Der größte Vorteil des Sedlitzer Nordufers: „Es kann am Wasser und teilweise sogar im Wasser gebaut werden“, erklärt Andreas Fredrich, der Bürgermeister der Stadt Senftenberg. Der Standort sei ausschließlich wasseraffinem Gewerbe vorbehalten. Wie viele Baugrundstücke letztlich entstehen werden, sei derzeit noch nicht bekannt. Der Grund: „Wir wollen die Flächen so individuell wie möglich zuschneiden.“ Doch bevor es soweit es, werde es erst eine Ausschreibung geben. Die Bedingungen werden die Stadtverordneten festlegen. Die ersten Unternehmen könnten im Jahr 2021 mit ihren Investitionen starten. Bis dahin wollen sowohl Stadt als auch Bergbausaniererin ihre Erschließungsarbeiten beendet haben.

 Derzeit laufen die Arbeiten an der Trinkwasserleitung für das Gewerbegebiet am Sedlitzer Nordufer.
Derzeit laufen die Arbeiten an der Trinkwasserleitung für das Gewerbegebiet am Sedlitzer Nordufer. FOTO: Torsten Richter-Zippack

Der Bürgermeister prognostiziert, dass sich der Standort „super entwickeln wird“. Ob perspektivisch eine Erweiterung des Gewerbegebietes erfolgen kann lässt das Stadtoberhaupt offen. Dazu müsste ein neuer Bebauungsplan erstellt werden.

Ohnehin hat die Planung für das jetzige Areal bereits mehrere Jahre gedauert. Immer wieder musste der Baustart verschoben werden. Zum einen haben die Bergbausanierer zunächst die komplette Seeböschung aufwendig gesichert. Zum anderen zog sich das Becshaffen von Fördergeld in die Länge. Die Stadt Senftenberg als Bauherrin erhält rund 7,5 Millionen Euro vom Land Brandenburg für das insgesamt mehr als zwölf Millionen Euro teure Vorhaben. Ein möglichst großer Anteil der Summe aus dem kommunalen Haushalt soll durch die kommenden Grundstücksverkäufe refinanziert werden, kündigt Andreas Fredrich an.

Außerdem haben Naturschutzbelange Zeit beansprucht.
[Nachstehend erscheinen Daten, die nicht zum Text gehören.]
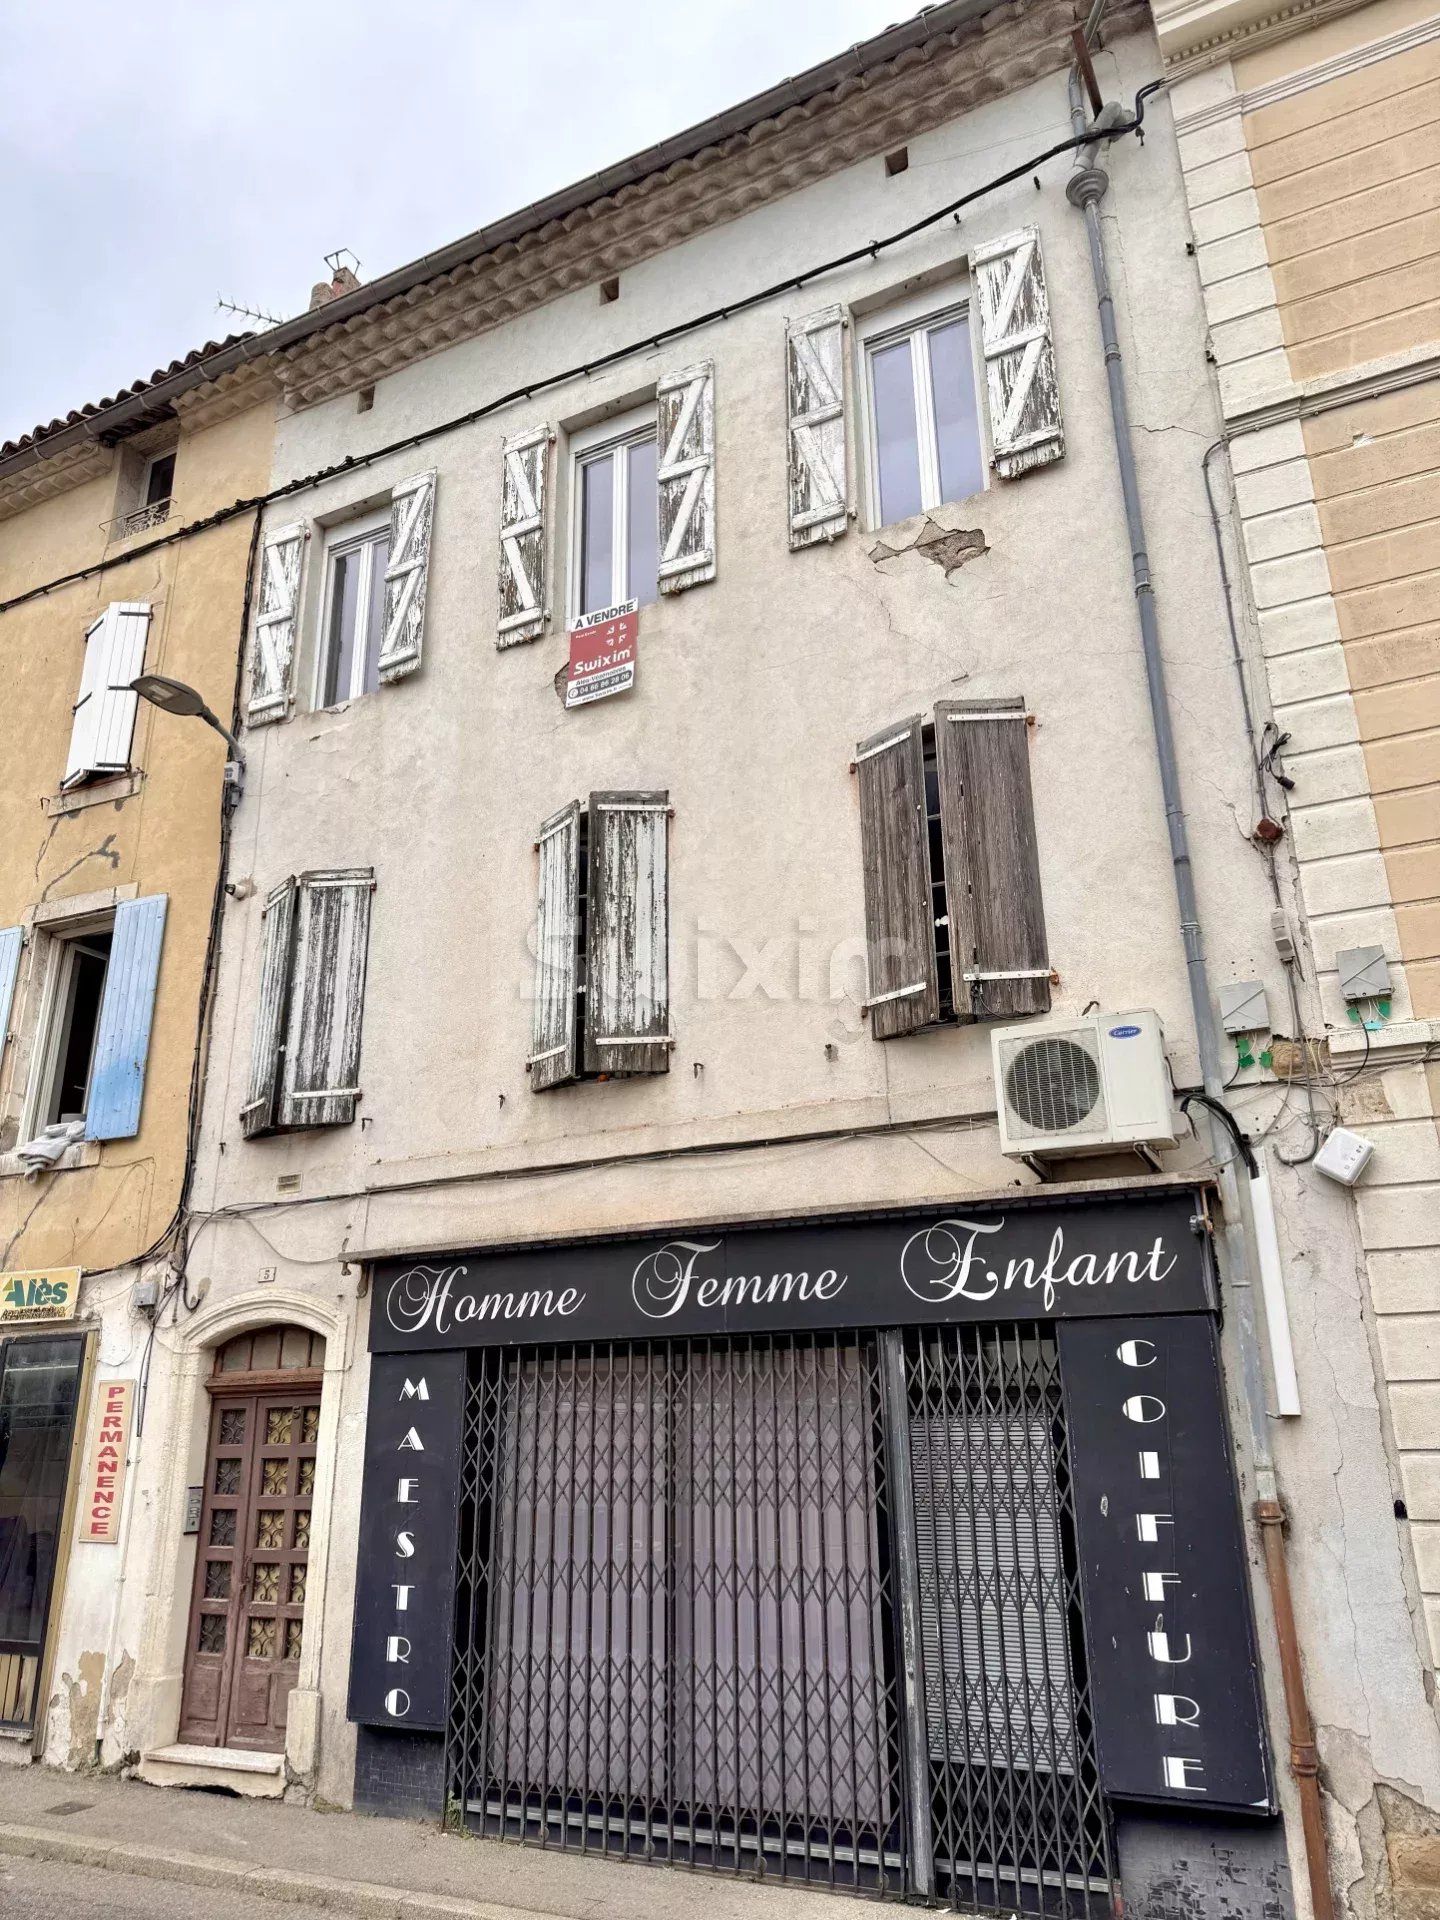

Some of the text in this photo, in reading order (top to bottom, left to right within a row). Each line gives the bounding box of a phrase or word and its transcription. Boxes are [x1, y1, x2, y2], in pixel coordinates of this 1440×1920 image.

[575, 602, 634, 630] A VENDRE
[573, 649, 631, 676] Swixim
[2, 1276, 69, 1308] Alès
[264, 1270, 270, 1280] 5
[386, 1216, 1178, 1334] Homme Femme Enfant
[91, 1386, 126, 1535] PERMANENCE
[384, 1377, 430, 1717] MAESTRO
[1116, 1339, 1207, 1791] COIFFURE
So mussten Ameisenhaufen, Eidechsen und bodenbrütende Vögel umgesiedelt werden. Und eine Waldfläche war in Bauland umzuwandeln. Während die Ameisen in einem halben Kilometer Entfernung ein neues Zuhause gefunden haben, leben die Zaun­eidechsen jetzt am Koschener Kanal, sagt die Projektverantwortliche der Stadt Senftenberg, Antje Derksen. Übrigens: Für das zweite Baufeld des Gewerbegebietes gibt es aus Artenschutzgründen bislang keine Baugenehmigung der Naturschutzbehörde des Landkreises. Derksen rechnet aber im kommenden Herbst mit der Erlaubnis.